Vape suppliers are getting around Australia’s ban on Chinese-made disposable devices by selling them on the black market, an industry expert has revealed.
The owner of one of Australia’s largest e-cigarette stores claims that a recent crackdown aimed at curbing nicotine vaping and allowing smokers to access products to help them quit is actually countering the black market. helps ‘thrive’.
National changes to vaping laws came into effect on Oct. 1, criminalizing the importation of e-cigarettes, pods and liquids containing nicotine from abroad without a valid prescription.
Possession of over-the-counter nicotine vaping products was already illegal in all states except South Australia, opening a gap between domestic regulations and import laws.
Major legislative changes make it illegal to import nicotine e-cigarettes from October 1 (stock image of a disposable vape)
Max Fichkin, who runs The Steamery in Sydney, said the laws will not stop commercial suppliers from smuggling bulk shipments into Australia.
“There has always been a black market, and the more the government tries to destroy it with legislation, the more the black market will thrive,” he told the Daily Mail Australia.
Tobacco shops, milk bars and convenience stores sell them under the counter – and there’s been very little reinforcement.
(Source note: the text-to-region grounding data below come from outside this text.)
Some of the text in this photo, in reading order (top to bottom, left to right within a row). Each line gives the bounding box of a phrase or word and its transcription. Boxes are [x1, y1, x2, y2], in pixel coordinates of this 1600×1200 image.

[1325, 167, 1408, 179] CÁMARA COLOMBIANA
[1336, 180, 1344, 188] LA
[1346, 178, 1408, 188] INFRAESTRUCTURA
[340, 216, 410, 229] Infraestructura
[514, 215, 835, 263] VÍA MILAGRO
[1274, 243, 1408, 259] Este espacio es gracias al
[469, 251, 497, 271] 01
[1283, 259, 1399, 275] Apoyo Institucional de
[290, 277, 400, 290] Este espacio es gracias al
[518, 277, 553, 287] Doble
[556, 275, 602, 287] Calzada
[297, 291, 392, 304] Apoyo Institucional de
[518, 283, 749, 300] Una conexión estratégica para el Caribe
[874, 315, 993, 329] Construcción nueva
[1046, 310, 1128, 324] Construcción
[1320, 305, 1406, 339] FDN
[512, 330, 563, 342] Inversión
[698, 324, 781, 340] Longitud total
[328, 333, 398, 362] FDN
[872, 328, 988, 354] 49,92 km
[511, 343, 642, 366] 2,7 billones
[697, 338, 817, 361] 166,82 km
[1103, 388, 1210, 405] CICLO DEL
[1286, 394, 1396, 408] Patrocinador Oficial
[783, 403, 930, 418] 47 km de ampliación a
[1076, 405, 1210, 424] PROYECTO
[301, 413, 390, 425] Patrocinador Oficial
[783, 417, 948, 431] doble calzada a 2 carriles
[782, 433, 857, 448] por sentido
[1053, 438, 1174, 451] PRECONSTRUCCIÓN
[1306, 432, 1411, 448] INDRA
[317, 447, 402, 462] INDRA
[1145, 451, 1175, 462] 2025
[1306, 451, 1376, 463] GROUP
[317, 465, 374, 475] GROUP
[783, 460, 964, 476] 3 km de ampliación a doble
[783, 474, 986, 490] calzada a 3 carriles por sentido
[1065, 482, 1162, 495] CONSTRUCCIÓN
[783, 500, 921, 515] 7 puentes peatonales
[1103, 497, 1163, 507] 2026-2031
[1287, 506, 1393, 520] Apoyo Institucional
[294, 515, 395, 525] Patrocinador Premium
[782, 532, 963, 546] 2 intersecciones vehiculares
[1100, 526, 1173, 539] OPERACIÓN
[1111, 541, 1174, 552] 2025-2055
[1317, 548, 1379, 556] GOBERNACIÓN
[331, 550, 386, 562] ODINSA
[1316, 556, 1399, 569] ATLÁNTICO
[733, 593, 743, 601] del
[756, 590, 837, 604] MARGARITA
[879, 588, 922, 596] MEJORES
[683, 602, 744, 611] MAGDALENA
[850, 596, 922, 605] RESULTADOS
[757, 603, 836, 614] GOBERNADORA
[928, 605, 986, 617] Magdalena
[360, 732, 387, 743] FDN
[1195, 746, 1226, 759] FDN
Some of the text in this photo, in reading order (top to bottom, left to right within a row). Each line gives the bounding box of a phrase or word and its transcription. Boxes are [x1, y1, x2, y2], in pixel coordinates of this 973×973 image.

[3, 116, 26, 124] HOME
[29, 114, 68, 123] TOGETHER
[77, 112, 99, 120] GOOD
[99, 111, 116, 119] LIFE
“If you jump on Gumtree or Facebook Marketplace and search for keywords, there are black market vendors who will deliver nicotine vaporization products to your home.”
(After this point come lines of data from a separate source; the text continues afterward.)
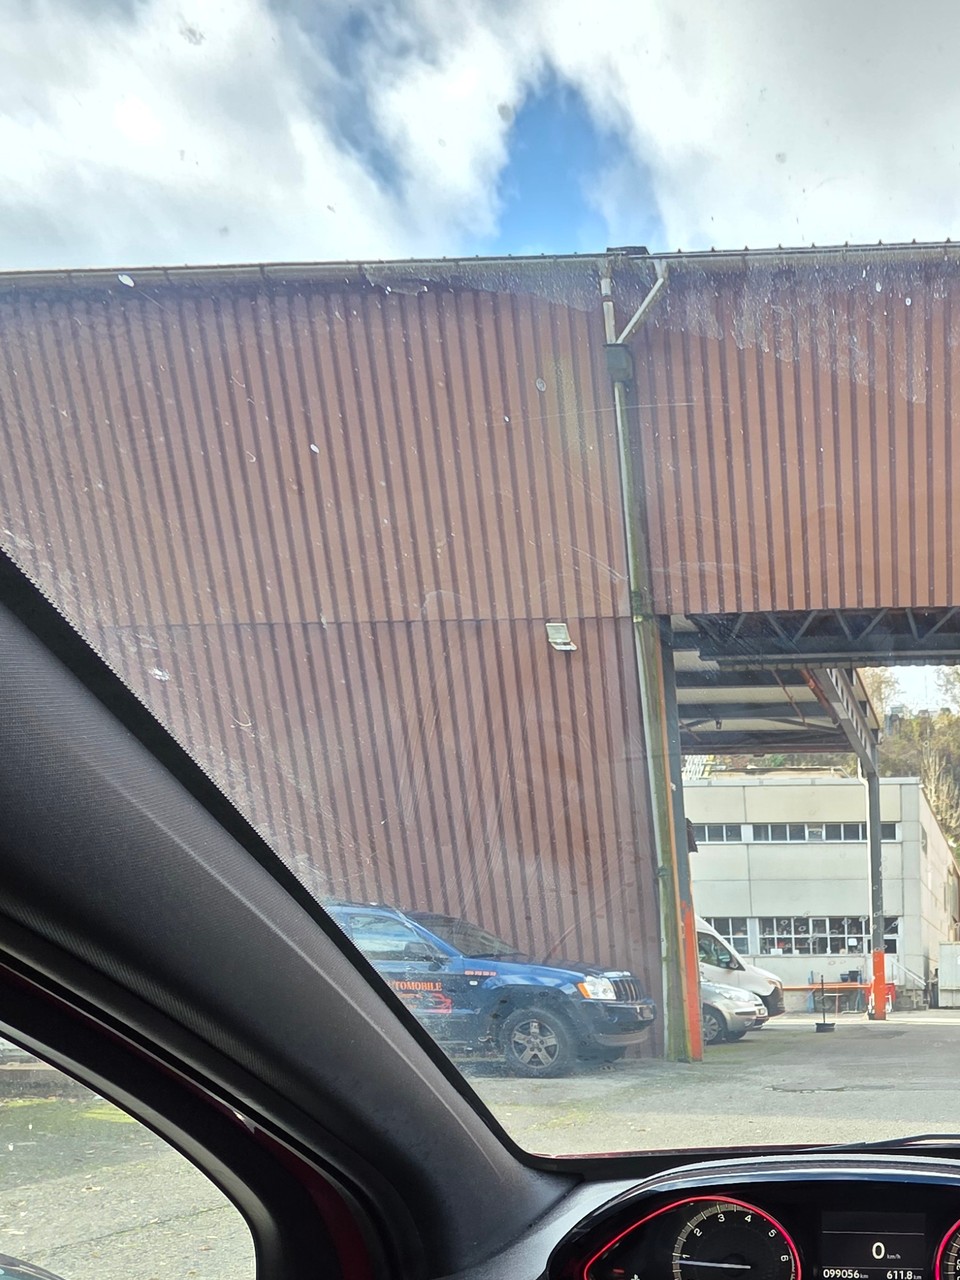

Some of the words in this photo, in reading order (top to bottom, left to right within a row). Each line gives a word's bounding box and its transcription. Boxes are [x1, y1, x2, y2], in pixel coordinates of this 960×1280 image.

[694, 1228, 702, 1236] 2
[718, 1214, 725, 1222] 3
[768, 1229, 777, 1237] 5
[872, 1241, 885, 1259] 0
[823, 1269, 860, 1279] 099056
[886, 1271, 913, 1280] 611.8
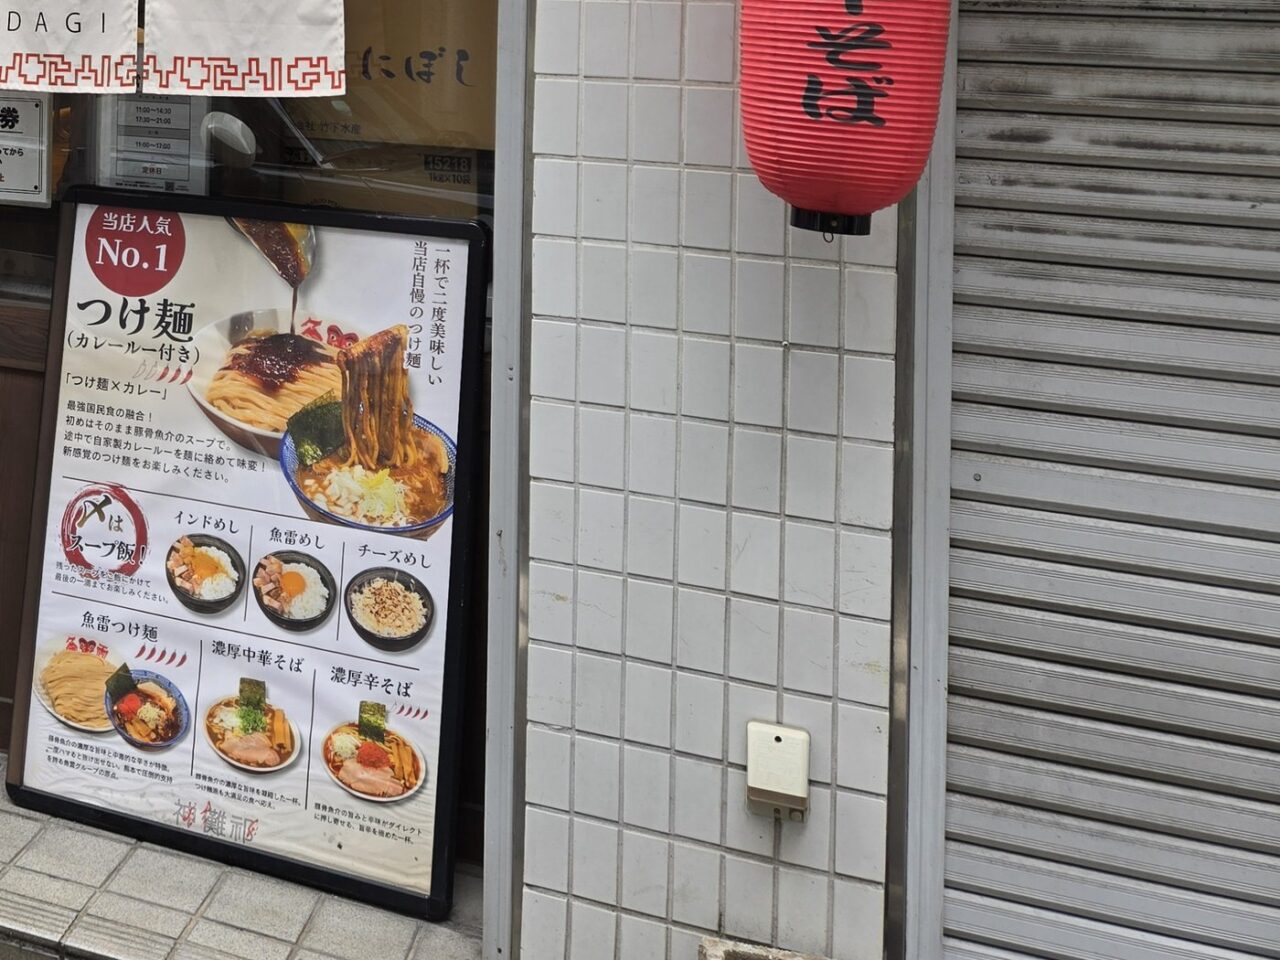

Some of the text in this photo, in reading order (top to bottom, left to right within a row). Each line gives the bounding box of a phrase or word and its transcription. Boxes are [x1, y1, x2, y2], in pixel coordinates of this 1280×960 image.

[102, 212, 172, 236] 当店人気
[95, 237, 168, 272] No.1
[76, 296, 196, 343] つけ麺
[405, 240, 428, 369] 当店自慢のつけ麺
[428, 248, 451, 385] 一杯で二度美味しい
[174, 510, 240, 535] インドめし
[269, 527, 326, 550] 魚雷めし
[358, 543, 432, 569] チーズめし
[81, 611, 159, 643] 魚雷つけ麺
[212, 640, 305, 674] 濃厚中華そば
[331, 666, 414, 698] 濃厚辛そば
Before October, Australians were allowed to import up to three months’ worth of nicotine vapors – although it was illegal in most jurisdictions to possess the products once they arrived.
The Therapeutic Goods Administration (TGA) and the Australian Border Force (ABF) now play a critical role in monitoring illegal imports of e-cigarettes and vaping liquids containing nicotine.
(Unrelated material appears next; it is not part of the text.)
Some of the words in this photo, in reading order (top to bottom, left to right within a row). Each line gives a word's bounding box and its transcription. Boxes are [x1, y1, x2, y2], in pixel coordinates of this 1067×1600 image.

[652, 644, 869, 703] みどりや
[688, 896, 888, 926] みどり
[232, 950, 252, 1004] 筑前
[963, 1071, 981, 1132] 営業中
Mr Fichkin said Chinese vape manufacturer HQD announced last year that they had successfully imported about 250,000 units into the country – despite already existing laws banning commercial quantities.
The new laws aim to curb the risk of nicotine vaping ingestion in young adults, while also giving current smokers access to the smoking cessation products (pictured, stock image)
Max Fichkin, who runs The Steamery, (pictured) said the new legislation would help the black market ‘prosper’
He questioned the ability of Australian government agencies to counter a wave of nicotine movers pushing products through busy ports.
“The TGA and ABF want to block these shipments, but one company alone has managed to ship 250,000 disposable vapes within a month,” he said.
“With unprecedented amounts of imports coming into the country, where do they get the resources to stop suppliers and ask for prescriptions?” he said.
After fines were increased earlier this month, those caught selling nicotine-containing e-cigarettes can now face fines of up to $1650 or six months in prison — or both.
Despite the risks, Mr. Fichkin doesn’t think black market sellers will be deterred.
The fine increase is small. The profit far exceeds the costs. I don’t see any convenience stores making less than $1,600 a day selling disposable vapes,” he said.
“It’s a lucrative area to be in.”
Mr Fichkin said disposable vapes (pictured) are sold under the counter at tobacconists, convenience stores and through online marketplaces
While Mr Fichkin argued that disposable vapes are an essential tool to help smokers get rid of cigarettes, he said the new regulations have put legitimate vape shops – which are better placed to help quitters – at a disadvantage.
“The legitimate industry is currently on the brink of being disposable because of disposables,” he said.
“Many people start with disposables — which have a most common strength of 50mg of nicotine — before switching to legitimate vapes to gain flexibility in the amount of nicotine they vape — which decreases when they stop.
‘[But now] we are at a disadvantage because we cannot import nicotine, which makes it difficult to achieve the goal of helping customers trying to get rid of cigarettes.”
While nicotine-free flavored liquids may still be sold, there are now only two ways that prescription holders can obtain nicotine vaping products in Australia; from a pharmacy or import from foreign websites.
Prescriptions can only be written by one of the 80 authorized prescribers, or by a physician approved under the TGA’s Special Access Schedule B.
Mr Fichkin said the laws are damaging to legitimate businesses trying to help smokers quit. Customers of The Steamery are pictured sitting at a tasting bar experimenting with flavors to inhale from devices
An authorized prescriber of nicotine vaporization products must be a primary care physician registered with the Therapeutic Goods Administration.
Otherwise, a prescription can be obtained from one of the more than 30,000 GPs and then ordered through a foreign website, under the personal entry scheme.
However, Mr Fichkin said the level of education given to GPs on the use of smoking cessation products was ‘minimal’, highlighting the importance of the experts enabling nicotine to be offered through the legitimate industry.
“The increase in disposables will make nicotine availability a bigger talk in Australia,” he said.
“The topic should be about how the Australian government will monitor its use, as that will help legitimize it and reduce the harm to smokers.”